提案されたが、周辺には他の生徒がいて撮られている様子を見られのが恥ずかしいので遠慮する。


「撮ってほしくなったらいつでも言って」


 そう言った彼女は僕の隣りに立ちフェンスにもたれかかった。再び景色の方へと視線を戻し二人で眺めている。ふと真下を見るといまだにベンチで休憩している氷室君の姿をとらえた。彼の近くには女子生徒が二名立っており、相変わらず人気なことで

と僕の心は傷を負いそうになる。一人で景色を眺めていたら大ダメージだったかもしれないが、隣に川崎さんがいてくれて助かった。勝手に嫉妬して立ち直っていると感謝の言葉が投げかけられる。


「ありがとう、大西を引き離してくれて」


 急なことだったがすぐに道中のことかと見当がつき、それなら僕ではなく氷室君にお礼を言った方がいいと伝える。親睦会のときもそうだったがどうしてそこまでするのか、大西君が少し可哀そうじゃないかとこの機会に聞いてみた。


「結衣ちゃんのためにやってるだけで、大西のことはどうでもいいの」

 

 あくまでも柳さんのためと明確な理由は聞き出せず大西君には同情するが、二人の仲は中学時代からなので過去に大西君がなにかやらかしてしまたのだろうと勝手に憶測を立てた。


「深田君は結衣ちゃんとなに話してたの」


「この前のテストのこととかいろいろと」


 前列にいたとはいえさすがに話の内容までは伝わっていなかったようで、僕はできるだけ話していましたよ風に伝えた。ふーんと意味ありげに鼻を鳴らした彼女から訝し気な視線が向けられ、いつのときか感じた寒気のことが思い当たる。


「言ってない、言ってない。神に誓って言ってません」


 テストの話題と川崎さんの秘密が結びつき早口で口を回した。正直あのときの僕はてんぱっており、もしかしたら彼女の英語の点数のことまで言っていたかもしれないと、郊外禁止令を犯さなかったことに安堵する。それならいいんだけどと彼女は疑いの目を向けることをやめた。

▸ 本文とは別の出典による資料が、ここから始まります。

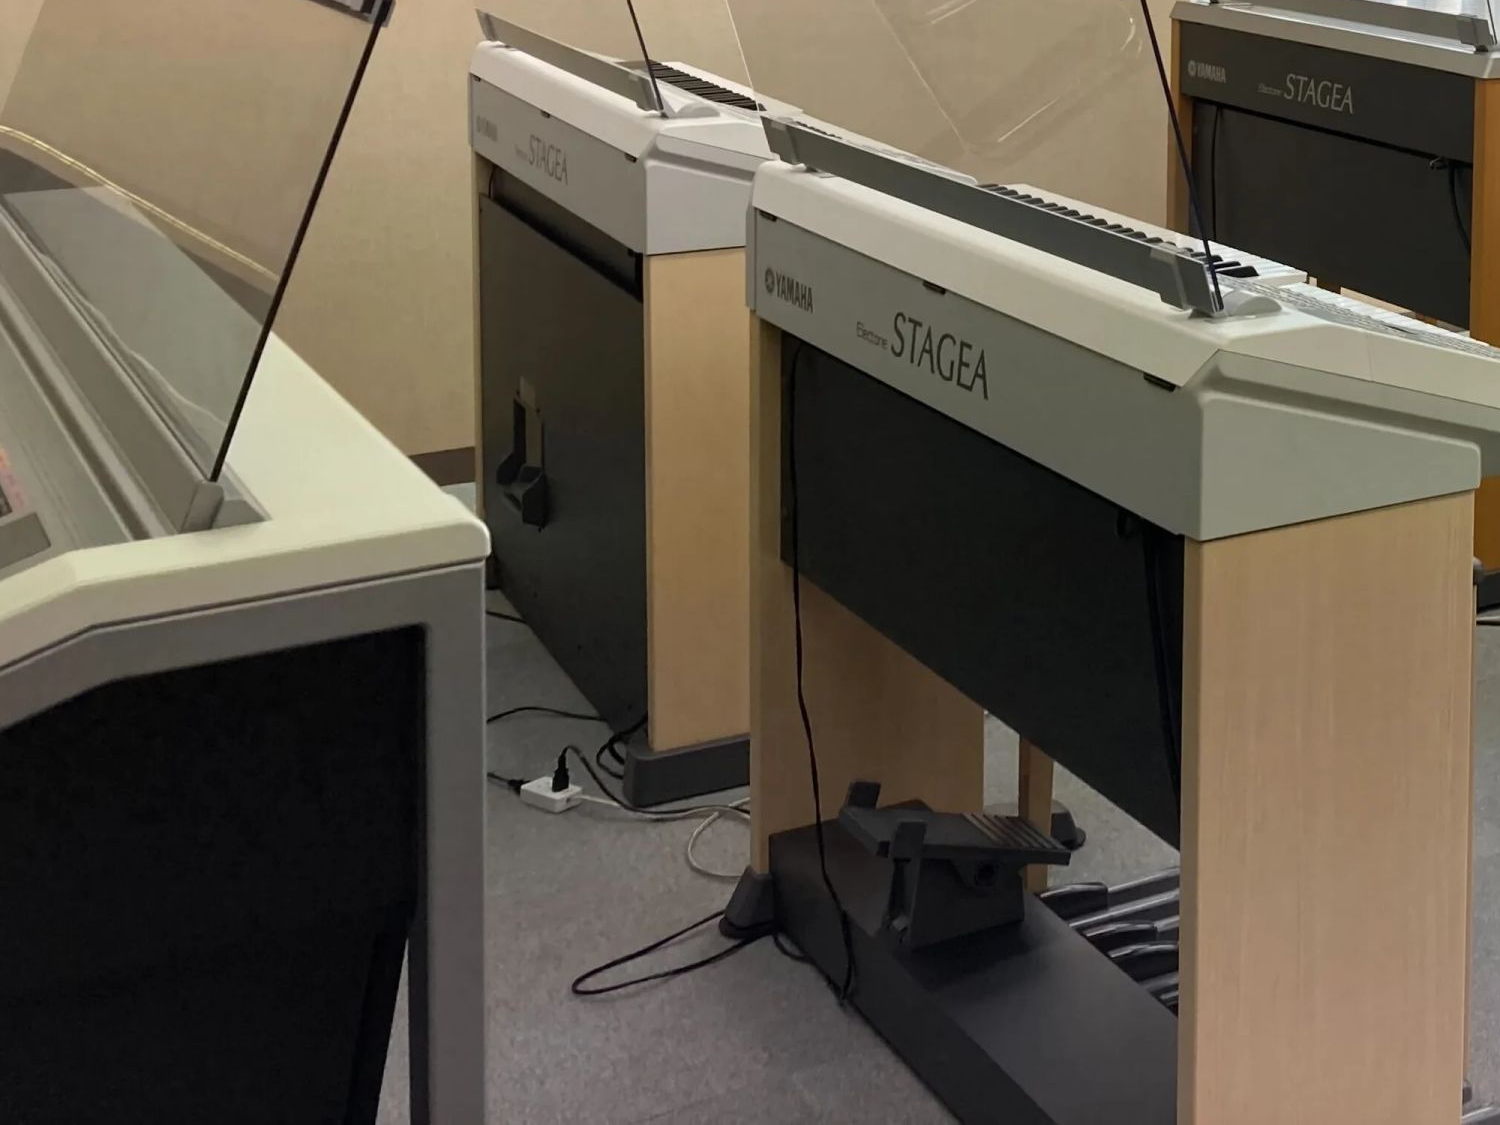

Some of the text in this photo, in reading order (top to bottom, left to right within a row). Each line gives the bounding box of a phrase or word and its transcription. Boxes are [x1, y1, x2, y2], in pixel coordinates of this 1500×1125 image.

[1283, 73, 1354, 114] STAGEA
[774, 271, 814, 314] YAMAHA
[890, 312, 989, 401] STAGEA

「深田君って私とは普通なのに、結衣ちゃんと話すときはちょっと変だよね」


 僕が見栄を張っていることを見破っているかのように鋭い刀で切り込んでくる川崎さん。確かに無言の時間はあったが、いきなり二人きりで話せと言わてうまく言葉が出てくるほど場数を踏んでいない。それも相手がクラスでも無類の男子人気を誇る女子生徒ともなれば誰だって緊張はするしおかしくもなるだろう。


「たぶん柳さんみたいな美人と話すのに慣れてないからだと思う」


「それは私が美人じゃないから話しやすいですって言いたいのかな」


 悪気があって言ったわけではなかったのだが、川崎さんから圧をかけられすぐに身振り手振りで弁明する。紐で吊るされた人形のような僕の動きを見て彼女は口元を緩ませ事なきを得た。


「普通は結衣ちゃんと二人きりなんて夢のような時間なんだからもったいないよ」


 言い終えた彼女は「もちろん私ともね」と付け加える形で助言をくれた。もったいないことくらいは百も承知だが、男子目線からすれば簡単に言葉が出てきてくれれば苦労しないと愚痴を言いたい。

 下の方を見ると生徒が再び整列を始めていた。展望台へと上り集合の呼びかけをしに来た先生の声を合図に僕たちは展望台を後にした。